BEGIN Data shown

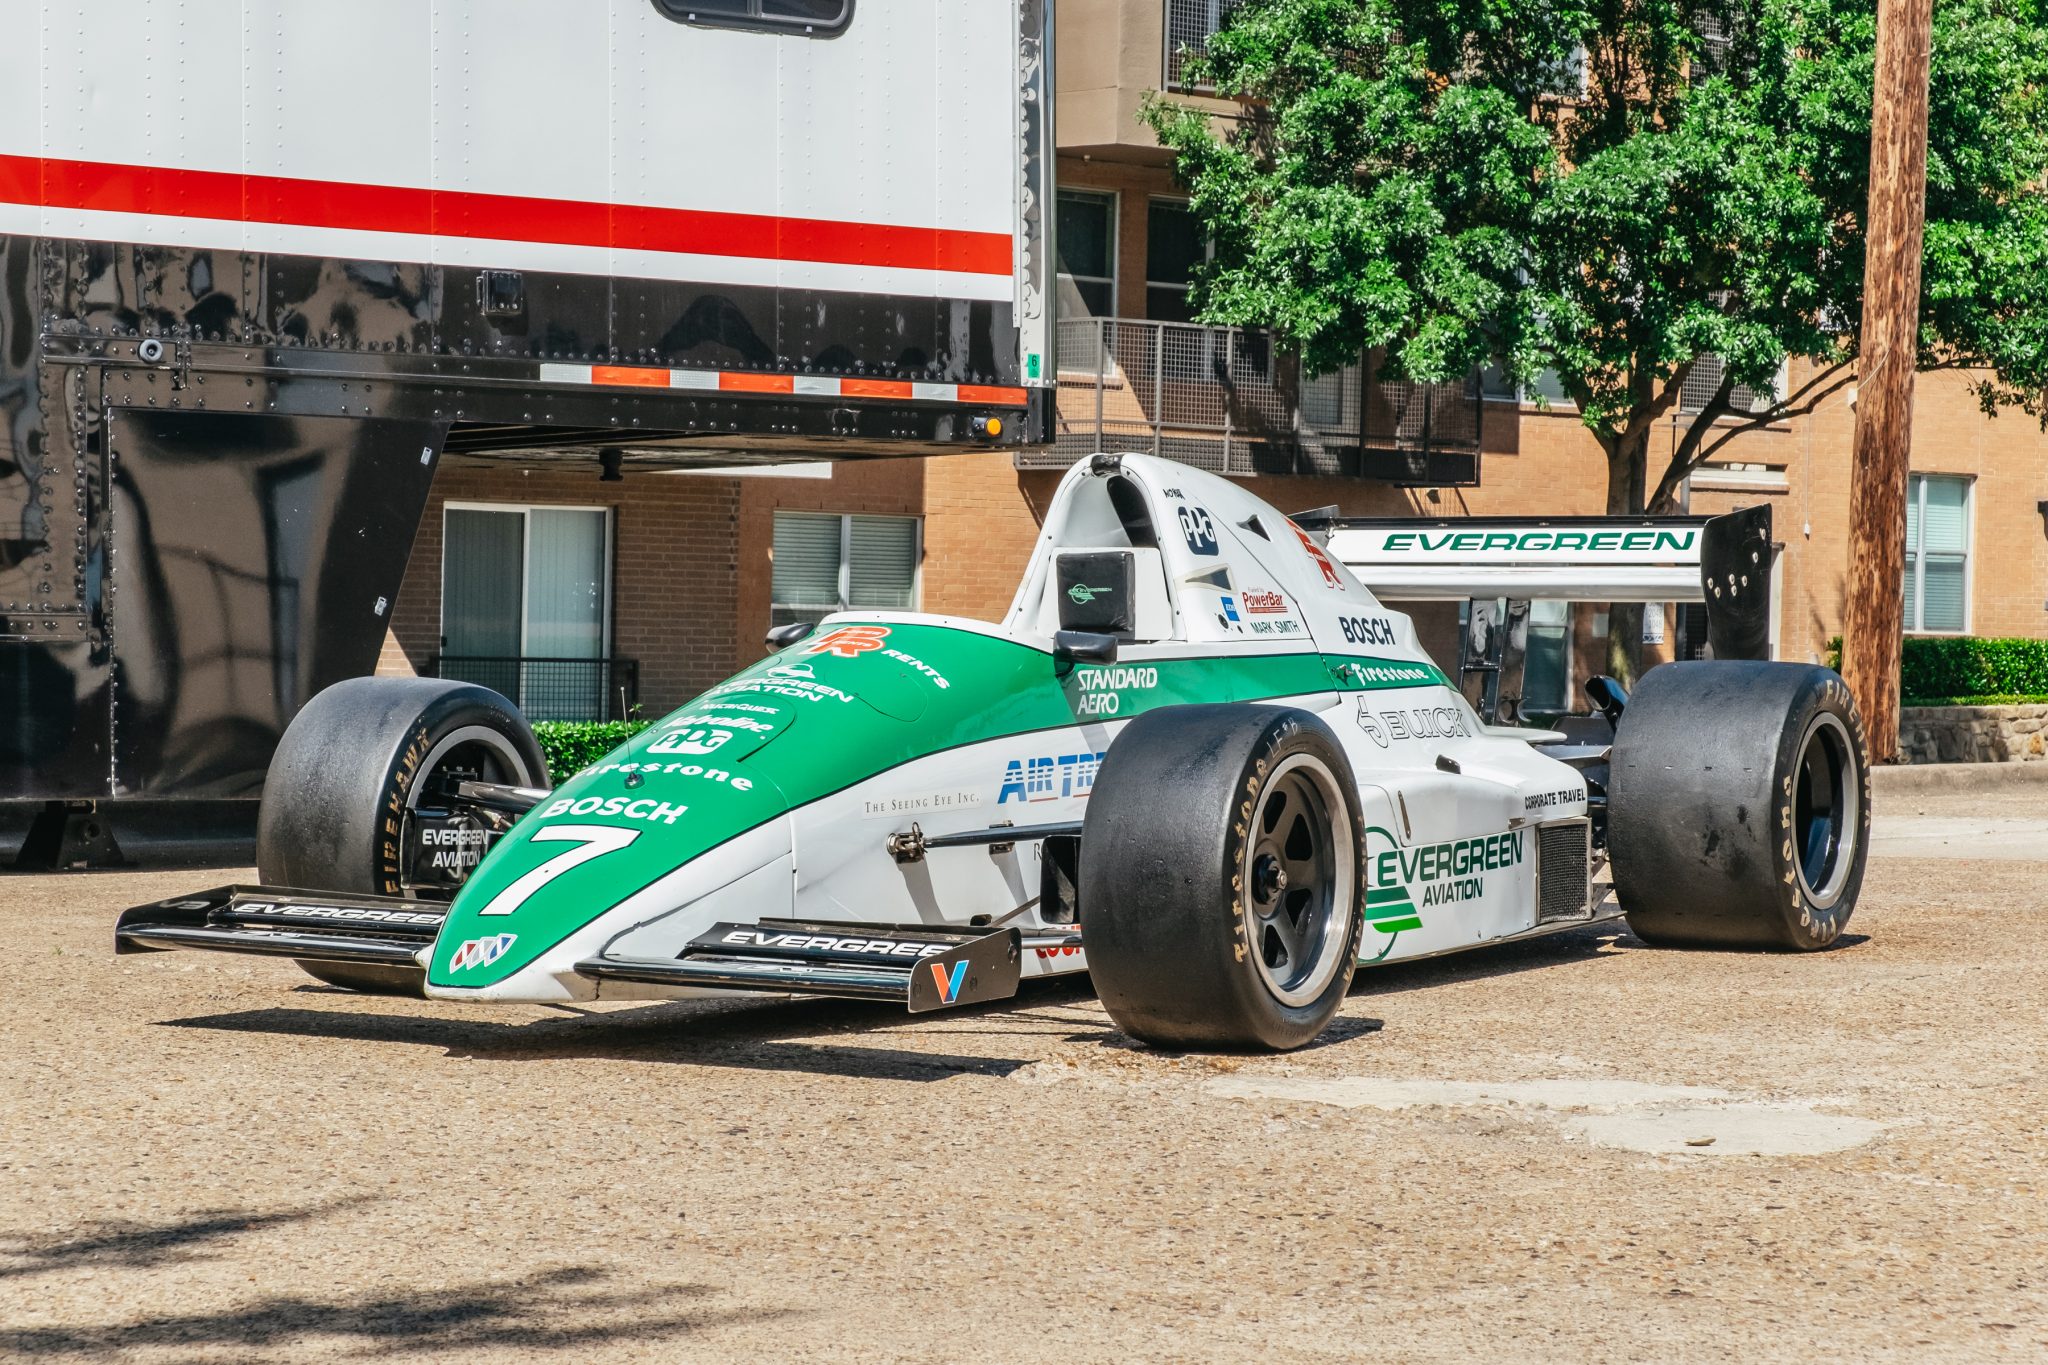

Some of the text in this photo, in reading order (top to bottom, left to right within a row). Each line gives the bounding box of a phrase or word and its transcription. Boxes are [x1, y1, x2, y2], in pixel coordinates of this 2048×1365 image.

[1179, 507, 1218, 551] PPG
[1381, 531, 1695, 551] EVERGREEN
[1242, 592, 1284, 613] PowerBar
[1250, 620, 1300, 634] MARK SMITH
[1338, 616, 1396, 645] BOSCH
[881, 649, 950, 689] RENTS
[1077, 667, 1158, 691] STANDARD
[1350, 662, 1429, 686] Firestone
[1077, 692, 1119, 715] AERO
[1379, 707, 1472, 740] BUICK
[650, 728, 732, 753] PPG
[540, 796, 689, 825] BOSCH
[1525, 788, 1586, 810] CORPORATE TRAVEL
[422, 828, 488, 845] EVERGREEN
[432, 851, 481, 868] AVIATION
[477, 823, 643, 917] 7
[1377, 830, 1524, 888] EVERGREEN
[1422, 877, 1483, 907] AVIATION

END Data shown

Work order: Please repeat each record exactly and keep every picture out of the copy.

Worked solution:
Some of the text in this photo, in reading order (top to bottom, left to right within a row). Each line gives the bounding box of a phrase or word and its transcription. Boxes are [x1, y1, x2, y2], in pixel coordinates of this 2048×1365 image.

[1179, 507, 1218, 551] PPG
[1381, 531, 1695, 551] EVERGREEN
[1242, 592, 1284, 613] PowerBar
[1250, 620, 1300, 634] MARK SMITH
[1338, 616, 1396, 645] BOSCH
[881, 649, 950, 689] RENTS
[1077, 667, 1158, 691] STANDARD
[1350, 662, 1429, 686] Firestone
[1077, 692, 1119, 715] AERO
[1379, 707, 1472, 740] BUICK
[650, 728, 732, 753] PPG
[540, 796, 689, 825] BOSCH
[1525, 788, 1586, 810] CORPORATE TRAVEL
[422, 828, 488, 845] EVERGREEN
[432, 851, 481, 868] AVIATION
[477, 823, 643, 917] 7
[1377, 830, 1524, 888] EVERGREEN
[1422, 877, 1483, 907] AVIATION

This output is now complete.